In recent years changes have been profound at global level and also in Argentina, those changes among other things, show a growth of rented agricultural land with short term contracts (often one year). This process makes it difficult to plan a crop rotation system, technology application such as nutrient and soil carbon balance, and it also affects the development of structures that allow integrations to facilitate industrialization in origin processes, vegetable protein to animal protein transformation, biofuels, etc.. Finally discourages partnership integration to undertake higher value added projects in origin, which leads to fair growth and development of the country rural areas.

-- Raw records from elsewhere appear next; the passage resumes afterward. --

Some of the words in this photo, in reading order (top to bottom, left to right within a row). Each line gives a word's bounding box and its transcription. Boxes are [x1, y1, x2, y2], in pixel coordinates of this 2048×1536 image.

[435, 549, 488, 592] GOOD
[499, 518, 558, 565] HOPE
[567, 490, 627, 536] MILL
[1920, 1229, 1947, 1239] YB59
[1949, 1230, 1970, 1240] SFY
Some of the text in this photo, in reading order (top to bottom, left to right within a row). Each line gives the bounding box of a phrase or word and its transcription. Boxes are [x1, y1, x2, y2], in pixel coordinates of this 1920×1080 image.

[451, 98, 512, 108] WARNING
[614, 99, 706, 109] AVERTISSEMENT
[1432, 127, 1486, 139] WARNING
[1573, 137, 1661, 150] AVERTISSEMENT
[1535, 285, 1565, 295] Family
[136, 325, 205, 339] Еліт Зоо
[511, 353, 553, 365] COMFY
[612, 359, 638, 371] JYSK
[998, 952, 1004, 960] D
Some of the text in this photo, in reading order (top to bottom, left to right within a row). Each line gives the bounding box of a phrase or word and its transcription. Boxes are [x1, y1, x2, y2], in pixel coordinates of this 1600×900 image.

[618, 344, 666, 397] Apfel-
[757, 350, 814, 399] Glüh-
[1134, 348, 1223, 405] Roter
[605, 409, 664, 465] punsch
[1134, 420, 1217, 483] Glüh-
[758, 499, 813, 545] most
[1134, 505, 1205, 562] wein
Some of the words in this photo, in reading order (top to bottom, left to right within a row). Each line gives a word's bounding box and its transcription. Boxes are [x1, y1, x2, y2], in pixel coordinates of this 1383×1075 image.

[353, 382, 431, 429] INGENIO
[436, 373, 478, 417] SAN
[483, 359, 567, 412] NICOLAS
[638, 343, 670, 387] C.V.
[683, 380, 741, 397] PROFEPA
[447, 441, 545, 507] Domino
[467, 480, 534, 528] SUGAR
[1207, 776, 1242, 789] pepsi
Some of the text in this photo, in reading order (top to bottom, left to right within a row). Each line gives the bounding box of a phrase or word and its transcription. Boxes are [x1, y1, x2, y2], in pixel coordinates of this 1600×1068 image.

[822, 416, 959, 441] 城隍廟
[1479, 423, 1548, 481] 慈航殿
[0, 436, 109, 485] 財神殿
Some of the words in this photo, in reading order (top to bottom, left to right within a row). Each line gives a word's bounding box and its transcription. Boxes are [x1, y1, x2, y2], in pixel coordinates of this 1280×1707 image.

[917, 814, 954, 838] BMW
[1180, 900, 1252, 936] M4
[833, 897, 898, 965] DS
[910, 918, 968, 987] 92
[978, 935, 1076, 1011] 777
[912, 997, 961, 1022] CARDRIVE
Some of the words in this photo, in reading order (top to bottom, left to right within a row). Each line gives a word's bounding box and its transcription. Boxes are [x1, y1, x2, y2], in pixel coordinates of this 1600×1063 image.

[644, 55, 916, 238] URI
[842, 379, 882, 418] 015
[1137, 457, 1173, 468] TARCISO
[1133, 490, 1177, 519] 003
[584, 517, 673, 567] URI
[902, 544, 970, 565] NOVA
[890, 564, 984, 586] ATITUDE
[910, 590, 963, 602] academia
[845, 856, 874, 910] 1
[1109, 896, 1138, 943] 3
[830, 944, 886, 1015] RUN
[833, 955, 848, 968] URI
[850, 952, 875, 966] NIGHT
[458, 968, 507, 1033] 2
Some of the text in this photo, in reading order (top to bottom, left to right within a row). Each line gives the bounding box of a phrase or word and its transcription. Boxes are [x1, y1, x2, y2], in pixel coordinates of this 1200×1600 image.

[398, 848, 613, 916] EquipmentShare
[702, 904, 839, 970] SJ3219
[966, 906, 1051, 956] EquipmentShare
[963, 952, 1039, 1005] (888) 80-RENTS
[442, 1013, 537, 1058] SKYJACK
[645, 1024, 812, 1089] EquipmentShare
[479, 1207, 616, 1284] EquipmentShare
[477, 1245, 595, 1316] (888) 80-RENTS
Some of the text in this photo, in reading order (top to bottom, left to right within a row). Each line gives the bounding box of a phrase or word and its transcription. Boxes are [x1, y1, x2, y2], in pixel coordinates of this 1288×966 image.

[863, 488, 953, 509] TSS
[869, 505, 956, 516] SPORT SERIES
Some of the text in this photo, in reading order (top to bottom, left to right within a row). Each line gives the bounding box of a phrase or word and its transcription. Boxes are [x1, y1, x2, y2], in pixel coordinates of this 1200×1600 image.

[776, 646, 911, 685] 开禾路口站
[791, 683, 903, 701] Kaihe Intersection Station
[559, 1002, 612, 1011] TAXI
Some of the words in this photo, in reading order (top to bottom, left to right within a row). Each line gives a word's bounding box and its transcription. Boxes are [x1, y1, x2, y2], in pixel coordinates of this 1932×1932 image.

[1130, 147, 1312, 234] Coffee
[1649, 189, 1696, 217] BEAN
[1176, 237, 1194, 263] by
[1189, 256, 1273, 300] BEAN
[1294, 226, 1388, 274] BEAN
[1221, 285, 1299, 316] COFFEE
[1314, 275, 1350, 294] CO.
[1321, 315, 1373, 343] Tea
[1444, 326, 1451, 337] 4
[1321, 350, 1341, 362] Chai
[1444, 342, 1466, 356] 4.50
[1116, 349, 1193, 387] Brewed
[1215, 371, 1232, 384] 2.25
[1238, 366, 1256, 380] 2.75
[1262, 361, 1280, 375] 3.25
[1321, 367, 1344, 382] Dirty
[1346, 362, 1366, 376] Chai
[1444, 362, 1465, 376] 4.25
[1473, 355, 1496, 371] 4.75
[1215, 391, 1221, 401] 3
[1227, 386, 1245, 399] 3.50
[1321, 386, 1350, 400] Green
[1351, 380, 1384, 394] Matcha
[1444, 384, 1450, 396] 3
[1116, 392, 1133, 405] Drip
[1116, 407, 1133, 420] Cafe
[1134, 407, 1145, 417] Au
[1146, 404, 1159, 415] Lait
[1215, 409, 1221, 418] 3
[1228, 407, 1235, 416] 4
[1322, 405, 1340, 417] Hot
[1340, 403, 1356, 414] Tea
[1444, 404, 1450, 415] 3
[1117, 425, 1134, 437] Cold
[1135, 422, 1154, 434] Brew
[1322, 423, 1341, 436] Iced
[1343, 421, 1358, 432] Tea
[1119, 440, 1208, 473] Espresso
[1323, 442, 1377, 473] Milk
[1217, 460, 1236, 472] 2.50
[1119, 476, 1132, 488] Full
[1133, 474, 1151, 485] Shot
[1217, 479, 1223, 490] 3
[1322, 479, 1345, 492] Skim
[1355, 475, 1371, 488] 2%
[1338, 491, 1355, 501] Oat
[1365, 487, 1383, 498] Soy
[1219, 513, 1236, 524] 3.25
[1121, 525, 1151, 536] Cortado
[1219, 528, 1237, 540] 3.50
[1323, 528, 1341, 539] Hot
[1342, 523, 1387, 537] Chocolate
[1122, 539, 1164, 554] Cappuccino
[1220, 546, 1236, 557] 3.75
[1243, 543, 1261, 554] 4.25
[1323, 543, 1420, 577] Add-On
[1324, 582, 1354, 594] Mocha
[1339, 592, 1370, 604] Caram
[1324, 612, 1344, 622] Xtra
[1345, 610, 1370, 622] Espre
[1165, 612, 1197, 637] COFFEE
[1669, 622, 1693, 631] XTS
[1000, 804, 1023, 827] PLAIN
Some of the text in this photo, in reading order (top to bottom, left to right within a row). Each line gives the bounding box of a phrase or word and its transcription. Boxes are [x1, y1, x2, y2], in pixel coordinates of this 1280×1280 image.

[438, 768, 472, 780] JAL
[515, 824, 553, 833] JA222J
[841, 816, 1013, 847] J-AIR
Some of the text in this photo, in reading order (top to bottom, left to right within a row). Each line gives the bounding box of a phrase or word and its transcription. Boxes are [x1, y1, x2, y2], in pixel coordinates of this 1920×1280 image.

Crisis sharpens ingenuity and activate many minds at all food chain levels.

Therefore the need arises to develop comprehensive strategies to guide the technological development of active policies to improve the reality facing the next 20 years. The proposal is based on the idea of stopping being spectators to become one of the many protagonists of the changes that we should at least consider, discuss, and then formulate concrete projects that will be transformed into products.

It is clear that the Argentina agrifood chain should grow in productivity, added value and sustainability, for that it is convenient to grow in primary in-origin industrialization processes, grow in the vegetal origin food to animal protein transformation ( beef, milk, pork, poultry), and should also grow in secondary industrialization (ie meat packing, dairy plants, pork products, etc.. etc.., all with traceable quality and designation of origin for certain products), and if is possible in tertiary industrialization (ready to be consumed cooked meats). And should also grow in the cold chain and traceable supply to the local and world market shelves, but always under source managed structures.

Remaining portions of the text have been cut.